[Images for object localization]

□ □ □ □ □

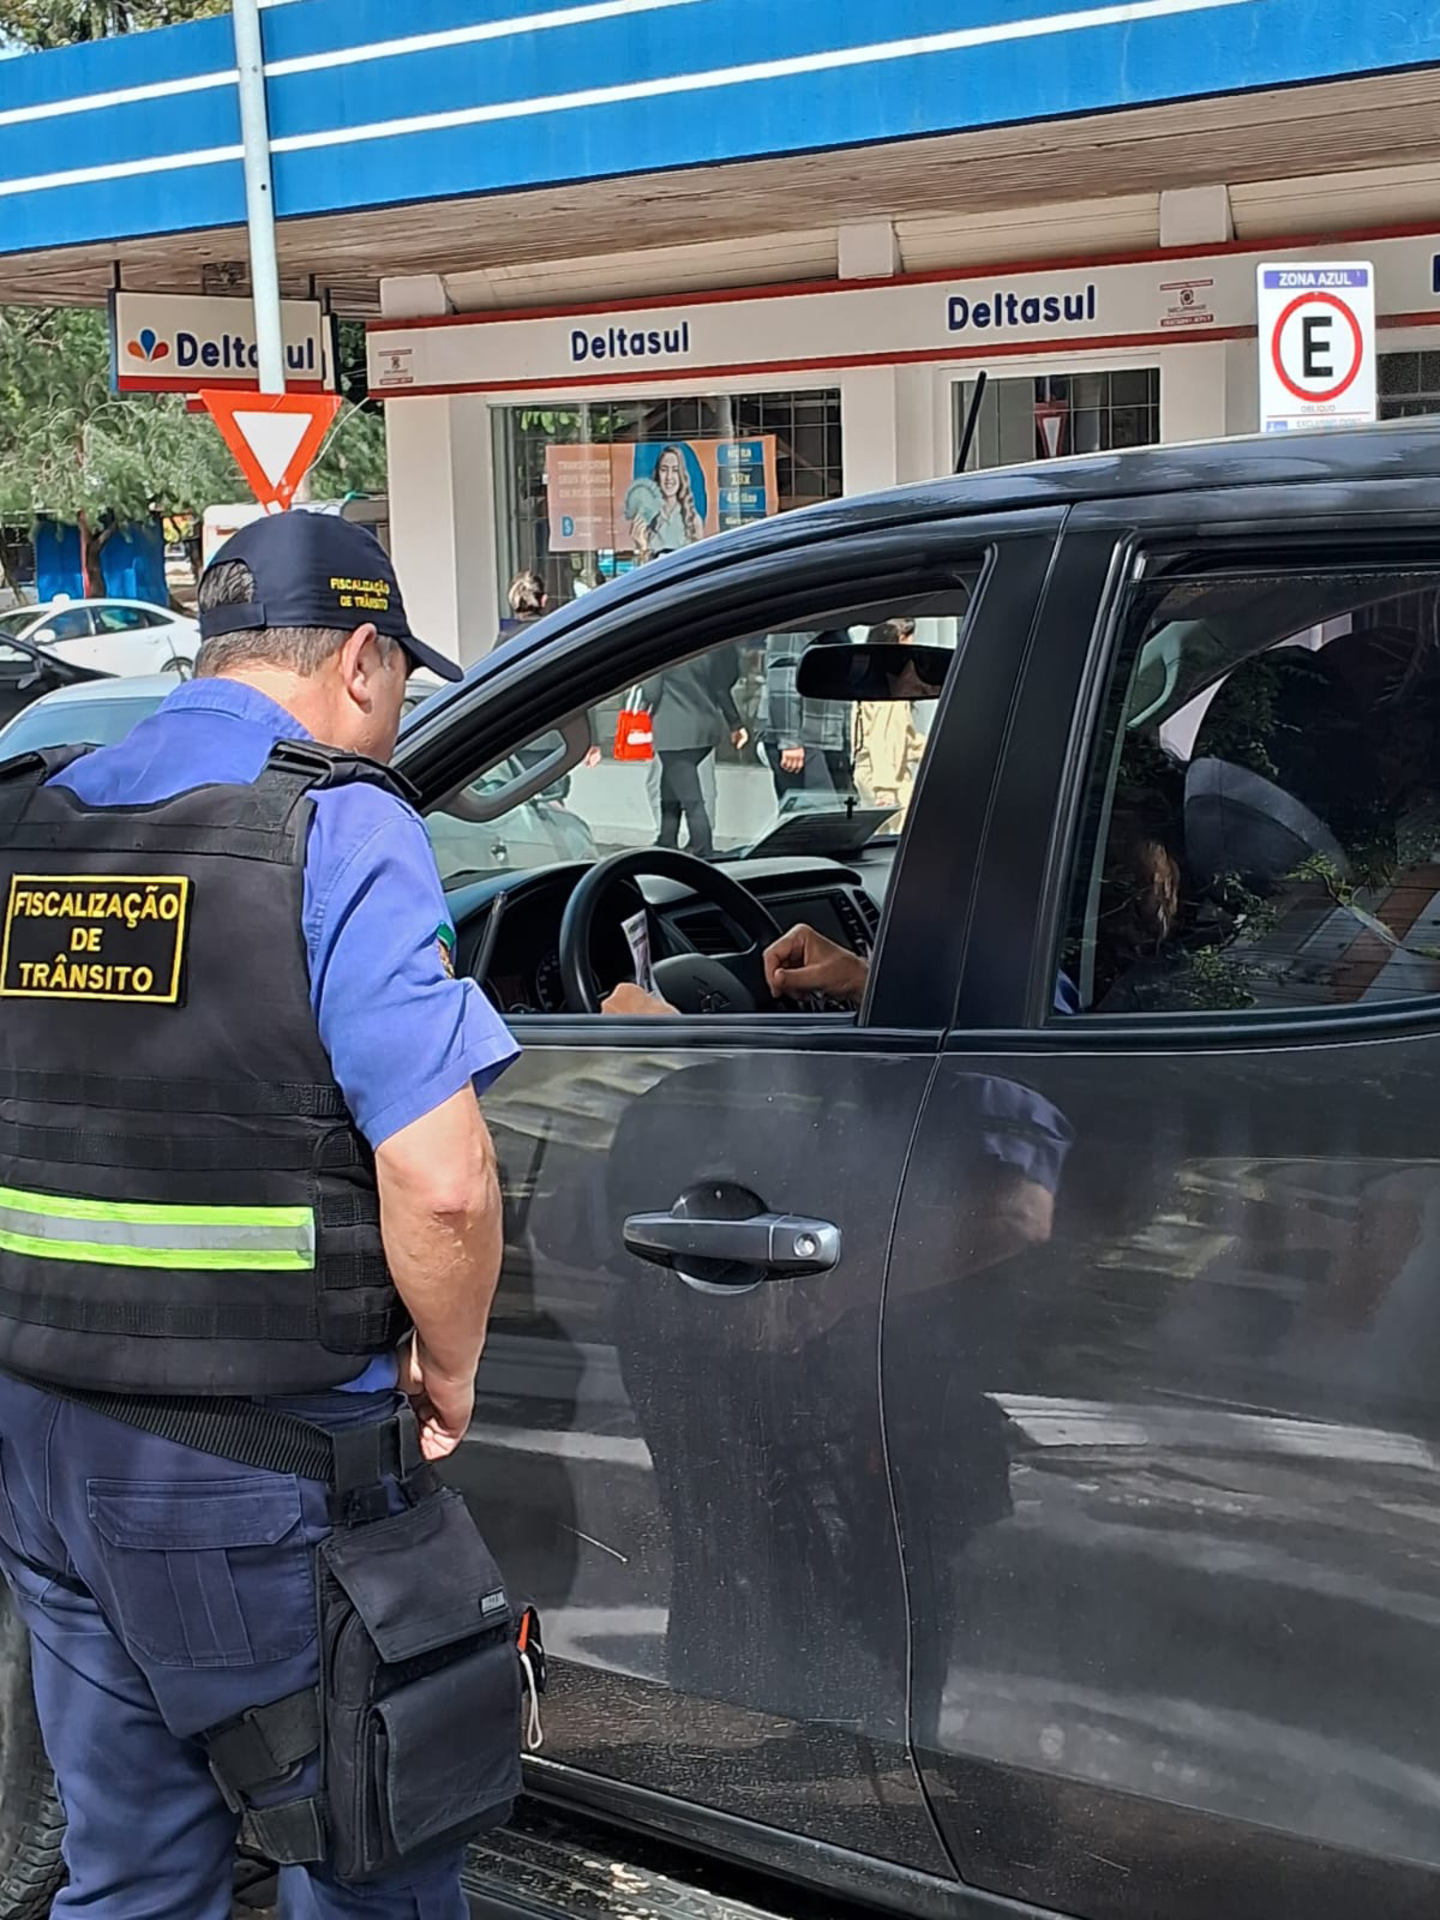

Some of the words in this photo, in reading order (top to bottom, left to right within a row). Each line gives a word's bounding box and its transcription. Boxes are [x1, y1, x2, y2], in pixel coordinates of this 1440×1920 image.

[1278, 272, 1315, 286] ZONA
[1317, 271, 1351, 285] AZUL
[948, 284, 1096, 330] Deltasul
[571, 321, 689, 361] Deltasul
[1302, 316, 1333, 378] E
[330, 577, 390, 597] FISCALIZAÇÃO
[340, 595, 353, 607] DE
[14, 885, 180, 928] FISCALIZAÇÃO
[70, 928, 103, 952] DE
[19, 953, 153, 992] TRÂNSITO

□ □ □ □ □

(Exercise goal) What the reply must contain is an exact transcription of the data above and none of its pictures.

(Task answer)
Some of the words in this photo, in reading order (top to bottom, left to right within a row). Each line gives a word's bounding box and its transcription. Boxes are [x1, y1, x2, y2], in pixel coordinates of this 1440×1920 image.

[1278, 272, 1315, 286] ZONA
[1317, 271, 1351, 285] AZUL
[948, 284, 1096, 330] Deltasul
[571, 321, 689, 361] Deltasul
[1302, 316, 1333, 378] E
[330, 577, 390, 597] FISCALIZAÇÃO
[340, 595, 353, 607] DE
[14, 885, 180, 928] FISCALIZAÇÃO
[70, 928, 103, 952] DE
[19, 953, 153, 992] TRÂNSITO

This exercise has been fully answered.